Compared with our work, Hippodrome is focused on a much narrower set of resources. They are concentrated on IO bandwidth where we must consider a workload’s CPU, memory and network resource requirements as well as storage requirements. As a result, they can use more sophisticated and specialized analysis and design tools (e.g., storage system models), allowing quicker convergence on a suitable resource configuration.

9 Discussion and Conclusion

Our resource allocation and monitoring techniques do not assure the timeliness of events. In general, assured timeliness is expensive to provide, requiring real-time scheduling of CPU and links. However, we do provide two ways to address the issue, with another planned. First, the user’s application-specific metrics, if they can be gathered on unmultiplexed nodes, serve as a safety mechanism to catch arbitrary performance infidelities. Second, the user can specify a shorter time period (the default is 1 second) over which the monitoring daemon will average, as it looks for overload. Finally, we may add a kernel mechanism that will detect if any resource use over very fine time scales, e.g., 1–10 msecs, has exceeded a user-settable threshold. Given this mechanism and typical Internet latencies, users can be quite confident that timing effects regarding network I/O have not affected their experiments.

Evaluation of packet timeliness and CPU scheduling effects remain to be done, but by offering the user application-level metrics directing adaptation, that is not essential. Exhaustive validation of the link emulation fidelity should be done, similar to the inter-packet arrival and time-variance analysis we do for mixed simulated/emulated resources [13]. Another issue is that our default mode of encapsulation decreases the MTU by a few bytes, which could affect some applications. In this case we support two other techniques that require no loss of MTU size: the virtual network devices can be configured to use fake MAC addresses in place of encapsulation, or to use 802.1Q VLAN tagging. We may add well-known OS resource isolation mechanisms such as proportional-share scheduling and resource containers. In a completely different but important area, some aspects of Emulab’s Web-based user interface, such as its Graphviz-based topology visualization, are inconvenient to use on thousands of nodes.
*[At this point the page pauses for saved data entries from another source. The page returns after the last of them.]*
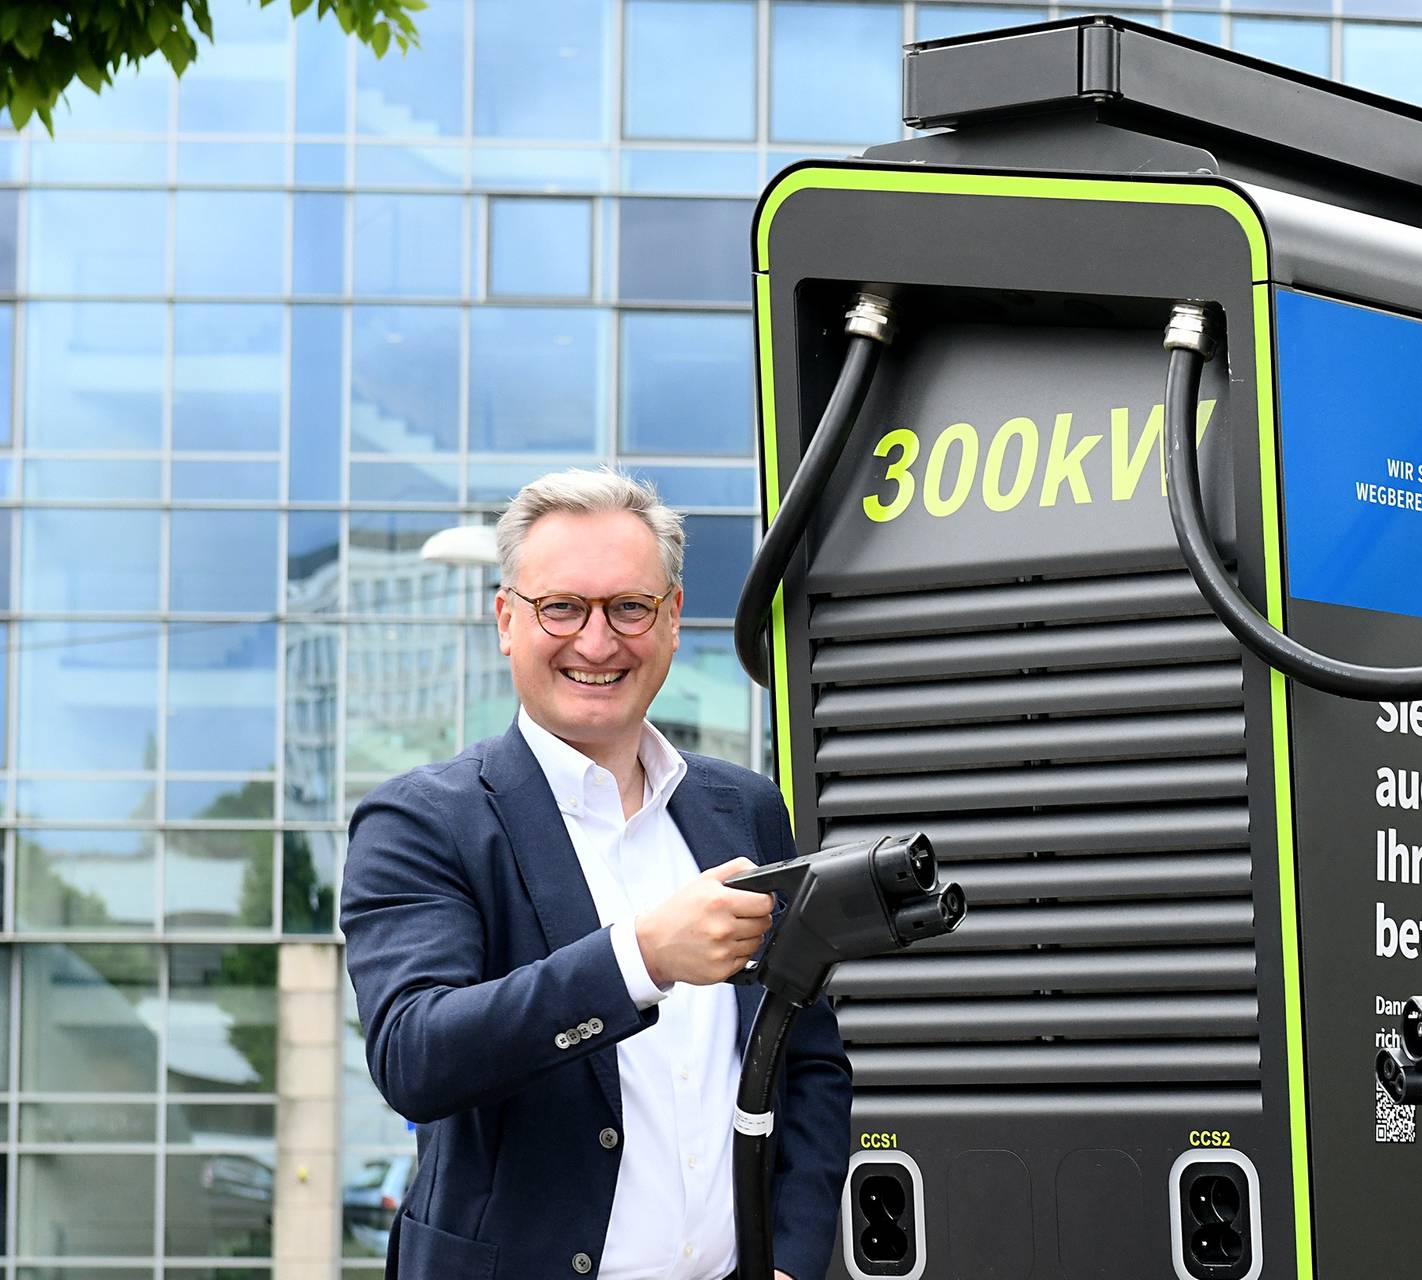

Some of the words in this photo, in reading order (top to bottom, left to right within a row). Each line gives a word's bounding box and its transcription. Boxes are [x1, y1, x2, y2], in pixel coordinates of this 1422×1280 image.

[1387, 458, 1414, 481] WIR
[1375, 1027, 1402, 1048] rich
[860, 1133, 897, 1148] CCS1
[1189, 1131, 1231, 1147] CCS2
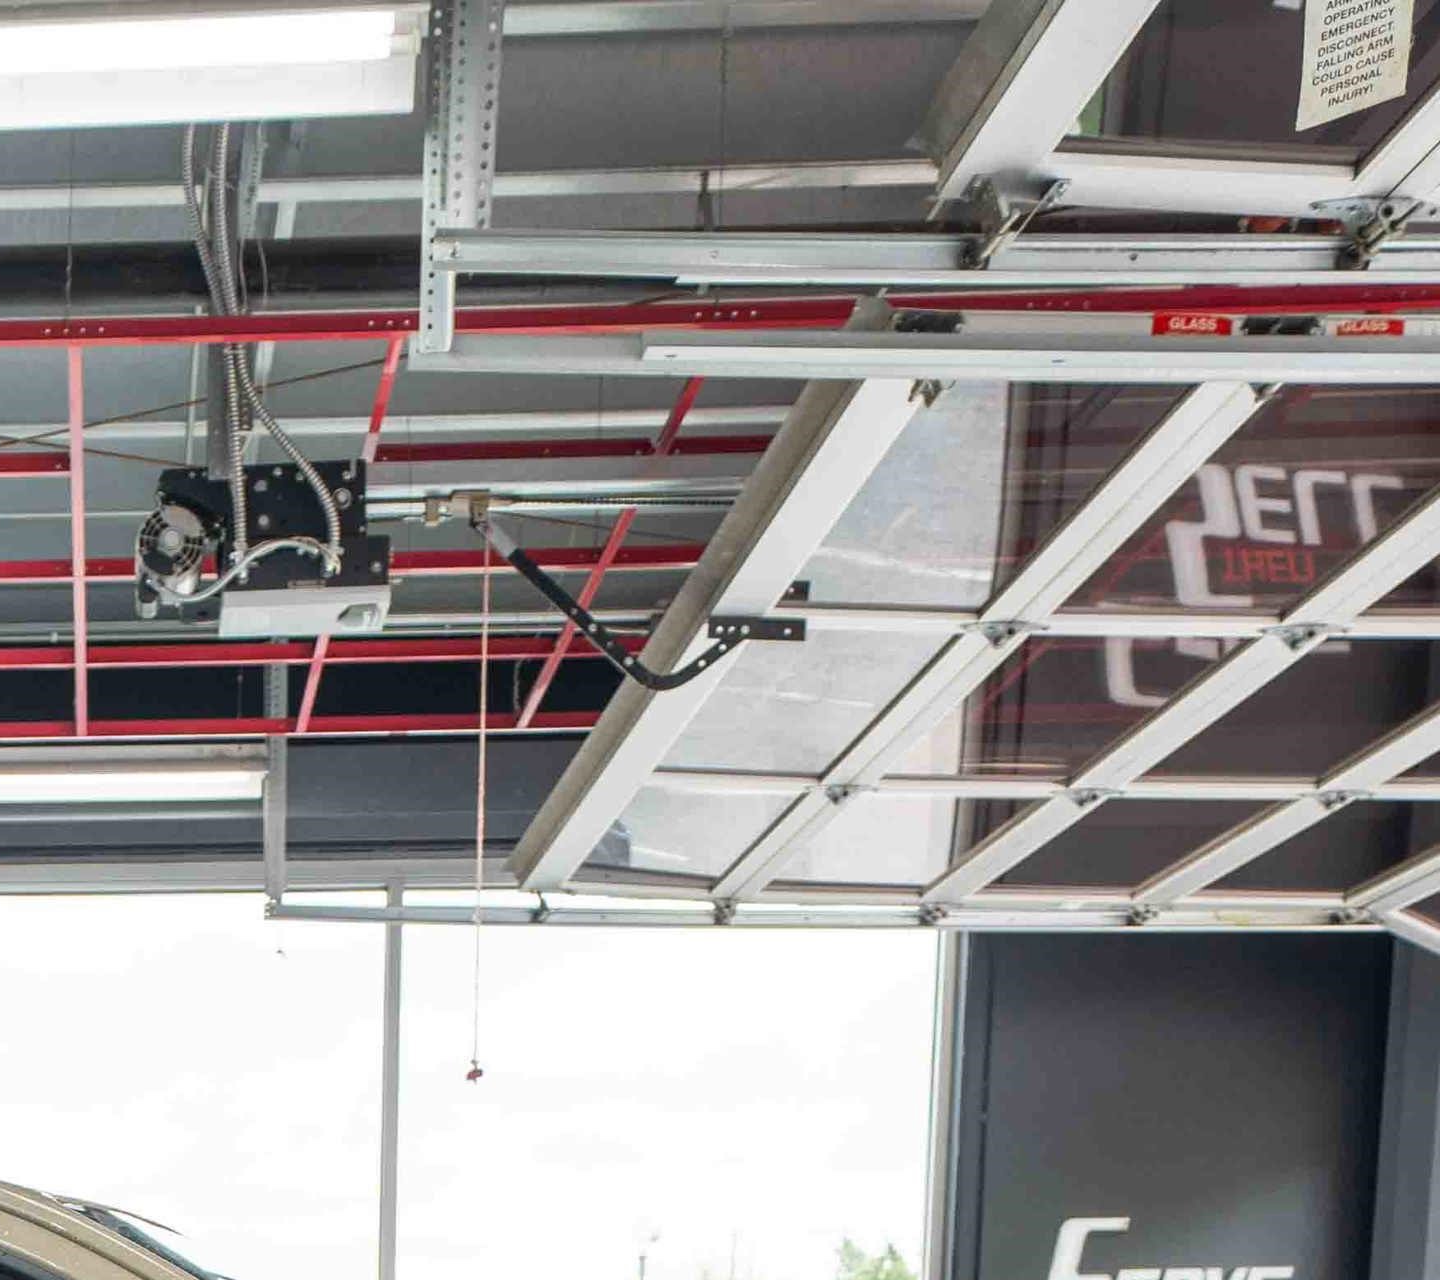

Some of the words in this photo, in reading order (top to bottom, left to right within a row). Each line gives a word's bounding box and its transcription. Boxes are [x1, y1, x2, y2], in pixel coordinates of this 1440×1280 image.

[1321, 7, 1395, 41] EMERGENCY
[1311, 64, 1353, 87] COULD
[1355, 48, 1396, 71] CAUSE
[1316, 46, 1364, 72] FALLING
[1367, 34, 1394, 53] ARM
[1319, 67, 1383, 97] PERSONAL
[1327, 84, 1374, 108] INJURY!
[1169, 317, 1218, 331] GLASS
[1342, 319, 1391, 333] GLASS
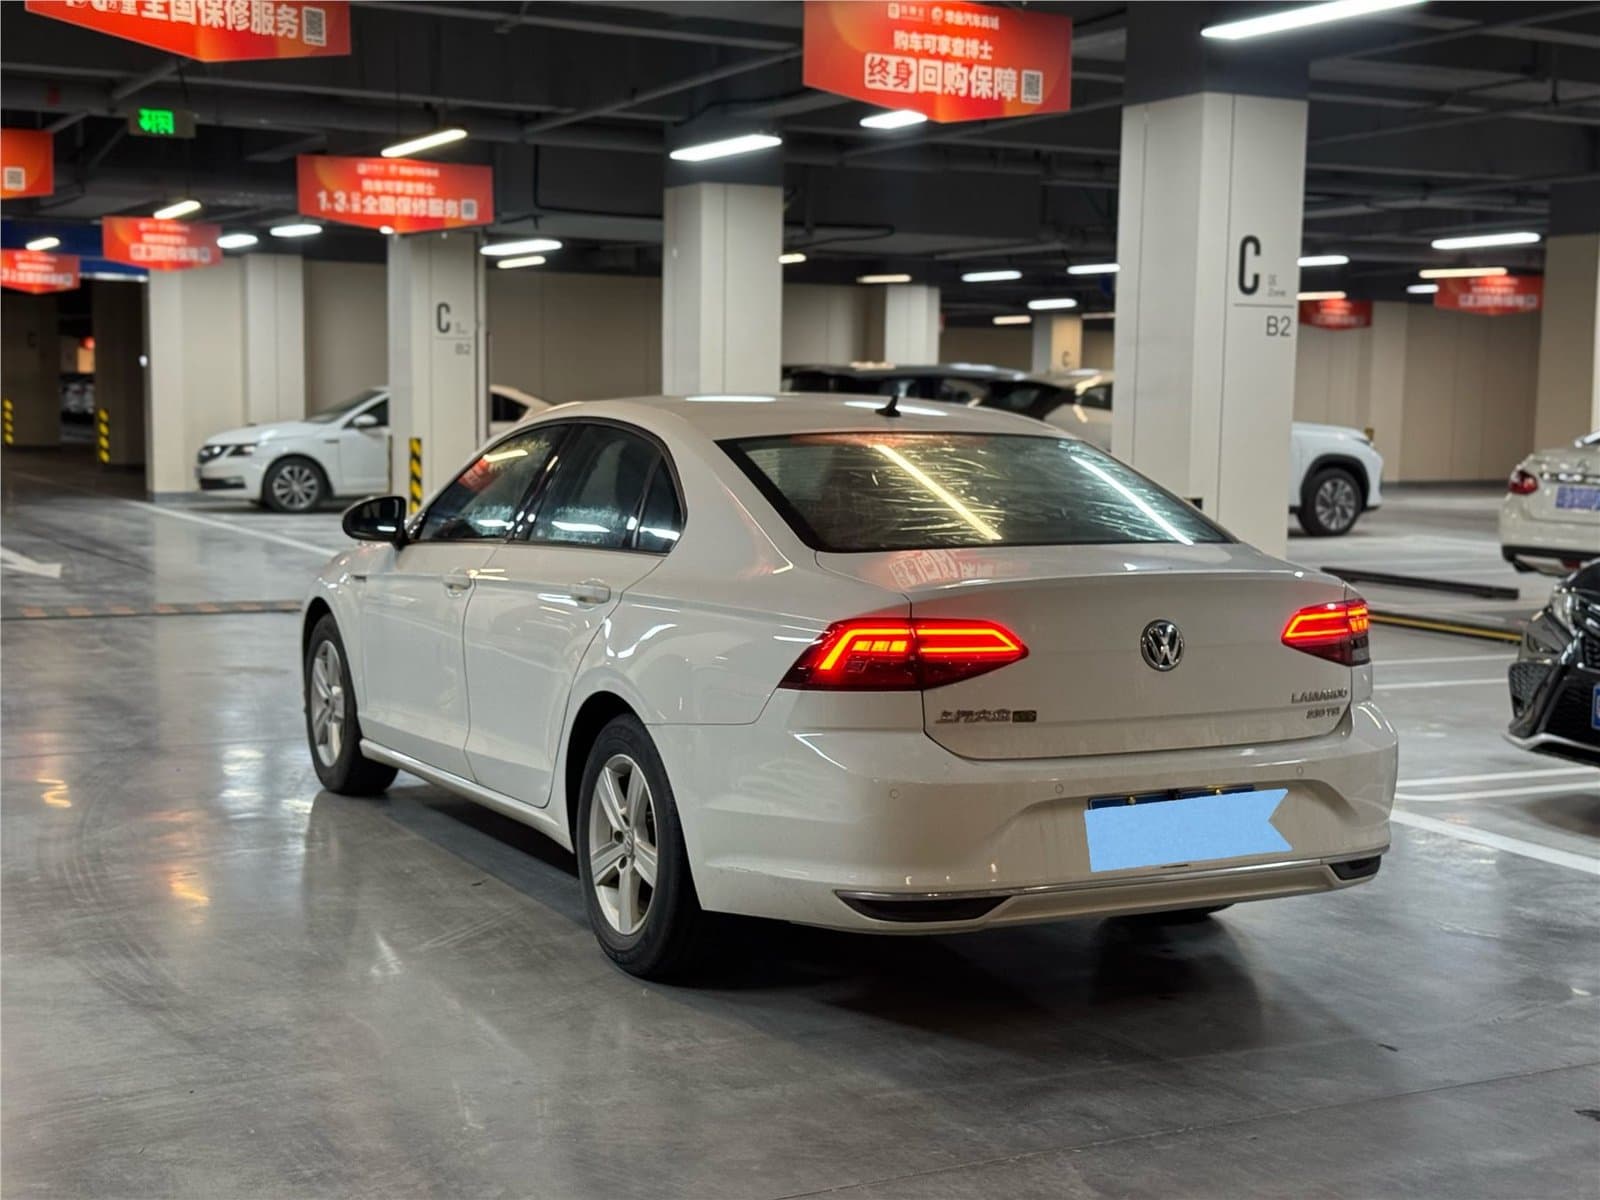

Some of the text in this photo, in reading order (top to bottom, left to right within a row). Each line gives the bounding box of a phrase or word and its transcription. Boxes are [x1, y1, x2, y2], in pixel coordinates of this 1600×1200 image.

[866, 54, 1018, 101] 终身回购保障
[1238, 234, 1261, 296] C
[436, 302, 451, 334] C
[1266, 315, 1291, 337] B2
In response we have built on Munzner’s hyperbolic three-dimensional graph explorer library[18] to provide an interactive “fish-eye” visualizer for Emulab, though have not yet put it into production use. Finally, our node support is limited to FreeBSD, yet many want Linux or Windows. When the Trellis work is mature we plan to adopt that to obtain equivalent support for Linux. We currently have Xen partially supported in Emulab, and are exploring VMware [27].

In conclusion, we have identified, designed, and implemented the many features necessary to support practical scalable network experimentation, and deployed them in a production system. We have shown that, by relaxing the constraints of conservative resource allocation, we can significantly increase the scale of topologies that we can support, or lower the required physical resources, with minimal loss of fidelity. In the future we will gather experience on how experimenters use the feedback and adaptation system, and evolve our system accordingly.

Acknowledgments

Many members of the Flux Research Group assisted with this work. We owe special thanks to Eric Eide for significant writing and LATEX assistance, to Russ Fish for the Hypview visualizer, and to Sai Susarla for helping with evaluation.

We also thank the anonymous reviewers and our shepherd, Zheng Zhang, whose comments helped us to improve this paper. This material is based upon work largely supported by NSF grants 0082493, 0205702, and 0335296, and by hardware grants from Cisco Systems.